It’s hard to tell which is larger at Château de Versailles—the world-famous château that housed Louis XIV and 20,000 of his courtiers or the mass of tour buses and visitors standing in front of it. The grandest palace in France remains one of the marvels of the world. But this edifice was not just home to the Sun King: it was also to be the new seat of the French government (from 1682 to 1789 and again from 1871 to 1879) and, by extension, the new French capital.
Versailles has three train stations, all reached from different stations in Paris (journey time 25–40 minutes). Versailles Rive Gauche provides the easiest access from Paris. The other two stations in Versailles are about a 10-minute walk from the château, although the municipal Bus B or a summertime shuttle service (use your métro ticket or pay a small fee in coins) can also deposit you at the front gates.
Visitor Information
Versailles Tourist Office. | 2 bis, av. de Paris | 78000 | 01–39–24–88–88 | www.versailles-tourisme.com.
Avenue de Paris.
Its breadth of 120 yards makes Avenue de Paris wider than the Champs-Élysées, and its buildings are just as grand and even more historic. Avenue de Paris leads down to Place d’Armes, a vast sloping plaza usually filled with tourist buses. Facing the château are the Trojan-size royal stables. | 78000.
Cathédrale St-Louis.
Turn left from the Grandes Écuries stables, cross Avenue de Sceaux and Avenue de Paris, pass the imposing chancellery on the corner, and take Rue de Satory—a cute pedestrian shopping street—to the domed Cathédrale St-Louis, with its twin-tower facade, built from 1743 to 1754 and enriched with a fine organ and paintings. | 78000.
Fodor’s Choice | Château de Versailles.
Today the château seems monstrously big, but it wasn’t large enough for the army of 20,000 noblemen, servants, and hangers-on who moved in with Louis. A new city—a new capital, in fact—had to be constructed from scratch to accommodate them. Tough-thinking town planners promptly dreamed up vast mansions and avenues broader than the Champs-Élysées—all in bicep-flexing baroque.

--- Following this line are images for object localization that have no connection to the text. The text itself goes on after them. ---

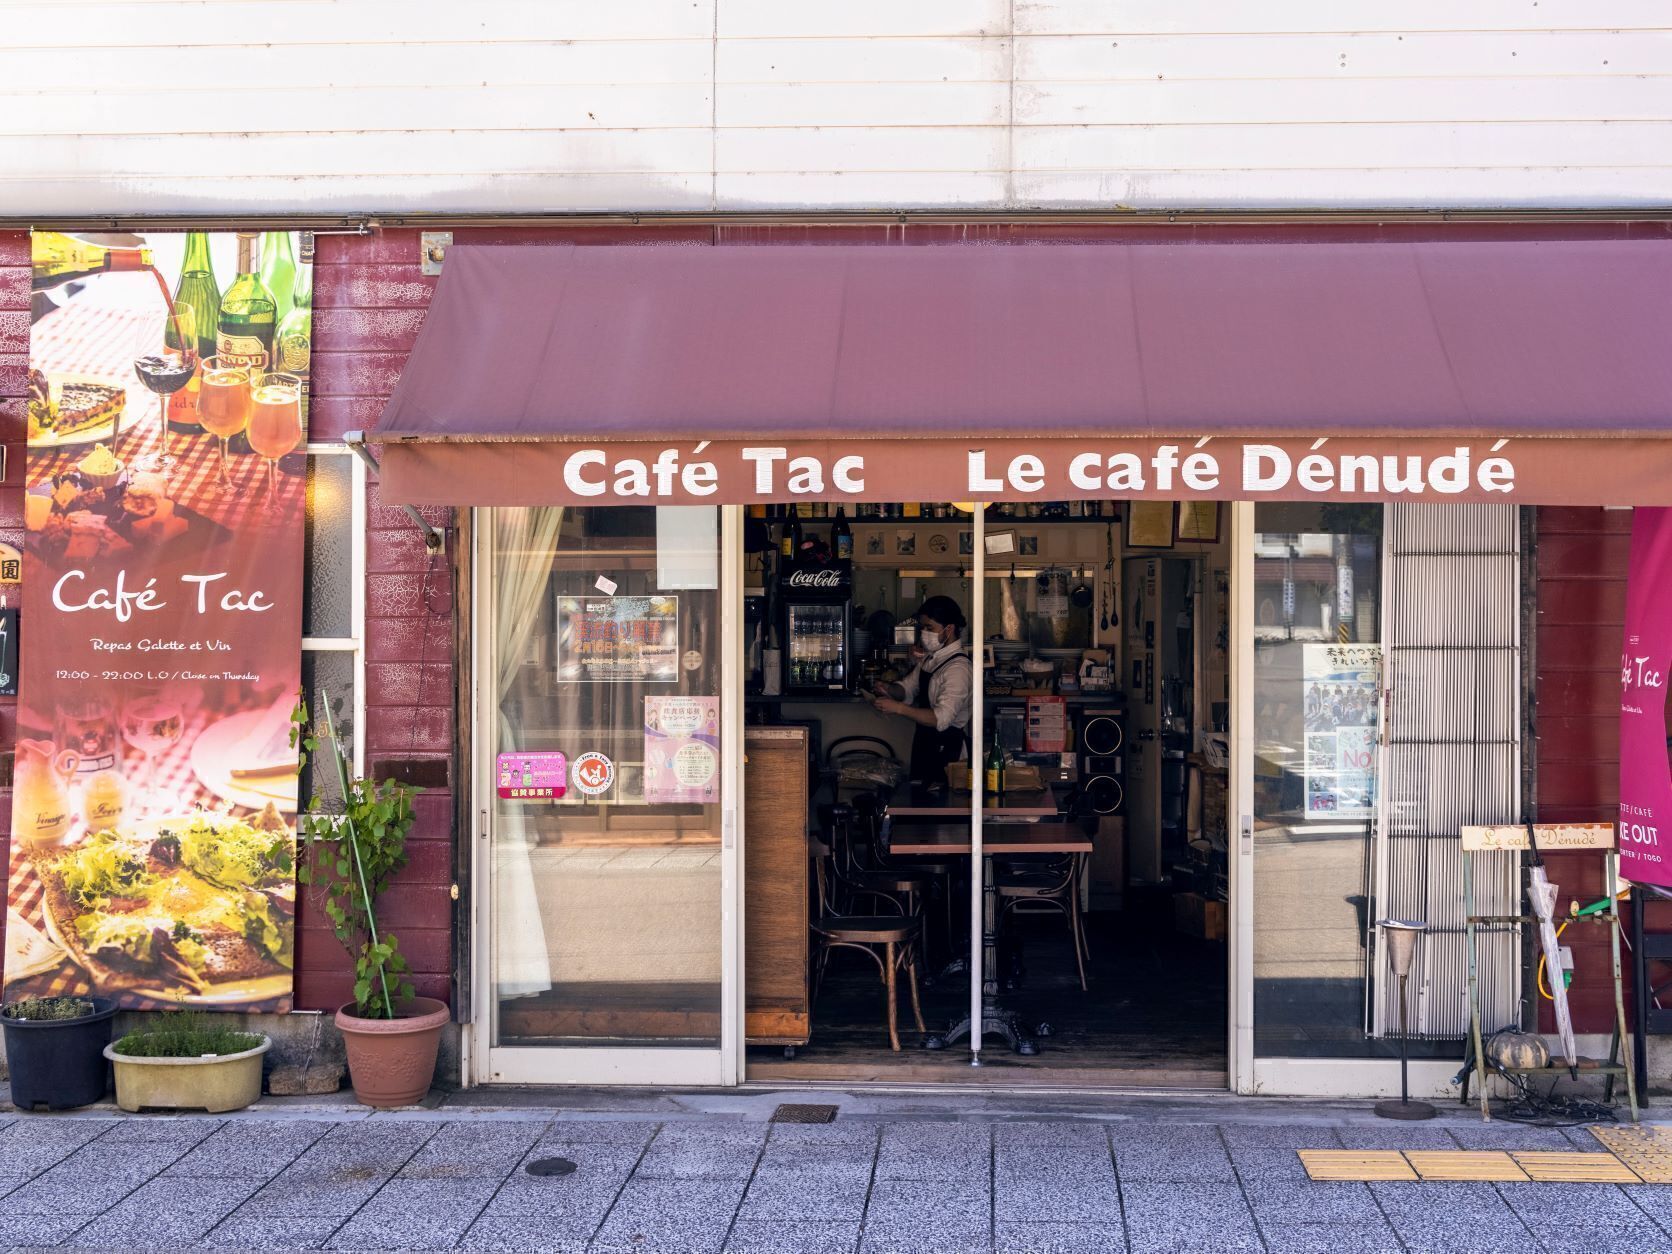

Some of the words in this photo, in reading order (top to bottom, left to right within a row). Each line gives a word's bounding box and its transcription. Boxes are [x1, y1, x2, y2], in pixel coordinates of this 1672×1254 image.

[563, 441, 718, 496] Café
[742, 447, 865, 494] Tac
[968, 448, 1045, 492] Le
[1068, 436, 1219, 491] café
[1242, 437, 1515, 493] Dénudé
[52, 569, 167, 622] Café
[181, 572, 274, 614] Tac
[89, 638, 132, 653] Repas
[137, 639, 187, 651] Galette
[189, 642, 202, 650] et
[206, 640, 232, 651] Vin
[56, 670, 90, 680] 12:00
[102, 671, 144, 680] 22:00
[181, 671, 207, 680] Close
[222, 672, 260, 682] Thursday
[1635, 656, 1662, 687] Tac
[1507, 830, 1531, 850] caf
[1541, 829, 1596, 846] Dénudé
[1631, 824, 1657, 846] OUT

It was hardly surprising that Louis XIV’s successors rapidly felt out of sync with their architectural inheritance. Louis XV and Louis XVI preferred to cower in small retreats in the gardens, well out of the mighty château’s shadow. The two most famous of these structures are the Petit Trianon, a model of classical harmony and proportion built for Louis XV, and the Hameau, where Marie-Antoinette could play at being a shepherdess amid the ersatz rusticity of her Potemkin hamlet. The contrast between the majestic and the domesticated is an important part of Versailles’s appeal. But pomp and bombast tend to prevail, and you won’t need reminding that you’re in the world’s grandest palace—or one of France’s most popular tourist attractions. The park and gardens outside are a great place to stretch your legs while taking in details of formal landscaping.

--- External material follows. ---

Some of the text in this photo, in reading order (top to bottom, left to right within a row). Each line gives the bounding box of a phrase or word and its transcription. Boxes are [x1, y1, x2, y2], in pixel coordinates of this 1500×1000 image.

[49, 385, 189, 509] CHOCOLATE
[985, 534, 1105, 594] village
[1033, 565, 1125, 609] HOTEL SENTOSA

One of the highlights of the tour is the dazzling Galerie des Glaces (Hall of Mirrors). Lavish balls were once held here, as was a later event with much greater world impact: the signing of the Treaty of Versailles, which put an end to World War I on June 28, 1919. Grands Appartements (State Apartments) are whipped into a lather of decoration, with painted ceilings, marble walls, parquet floors, and canopy beds topped with ostrich plumes. The Petits Appartements (Private Apartments), where the royal family and friends lived, are on a more human scale, lined with 18th-century gold and white rococo boiseries. The Opéra Royal, the first oval hall in France, was designed for Louis XV and inaugurated in 1770 for the marriage of 15-year-old Louis XVI to 14-year-old Austrian archduchess Marie-Antoinette. Considered the finest 18th-century opera house in Europe (with acoustics to match), it has undergone extensive restoration, reopening in late 2009 as home to the Royal Opera and a major venue for world-class performers. Check out the “marble” loges—they’re actually trompe l’oeil. The solemn white-and-gold chapel was completed in 1710—the king and queen attended daily mass here seated in gilt boxes. Completed in 1701 in the Louis-XIV style, the Apartements du Roi (King’s Apartments) comprise a suite of 15 rooms set in a “U” around the east facade’s Marble Court. While the Chambre de la Reine (Queen’s Bed Chamber)—probably the most opulent bedroom in the world—was initially created for Marie Thérèse, first and only official wife of Louis XIV, to be part of the Queen’s Apartments, its latest update was made for Marie-Antoinette, and its light, frilly, and incredibly sumptuous floral-motif textiles and extravagant baldachin (with its enormous panaches of ostrich feathers) reflect the chicest style of the late 18th century. The superb Salon du Grand Couvert, antechamber to the Queen’s Apartments and the place where Louis XIV took his supper every evening at ten o’clock, has recently reopened after a 16-month restoration. The sumptuously painted walls and ceilings, tapestries, woodwork, and even the furniture have been restored to their original splendor, the only one of the queen’s private rooms that can be seen exactly as it was first decorated in the 1670s.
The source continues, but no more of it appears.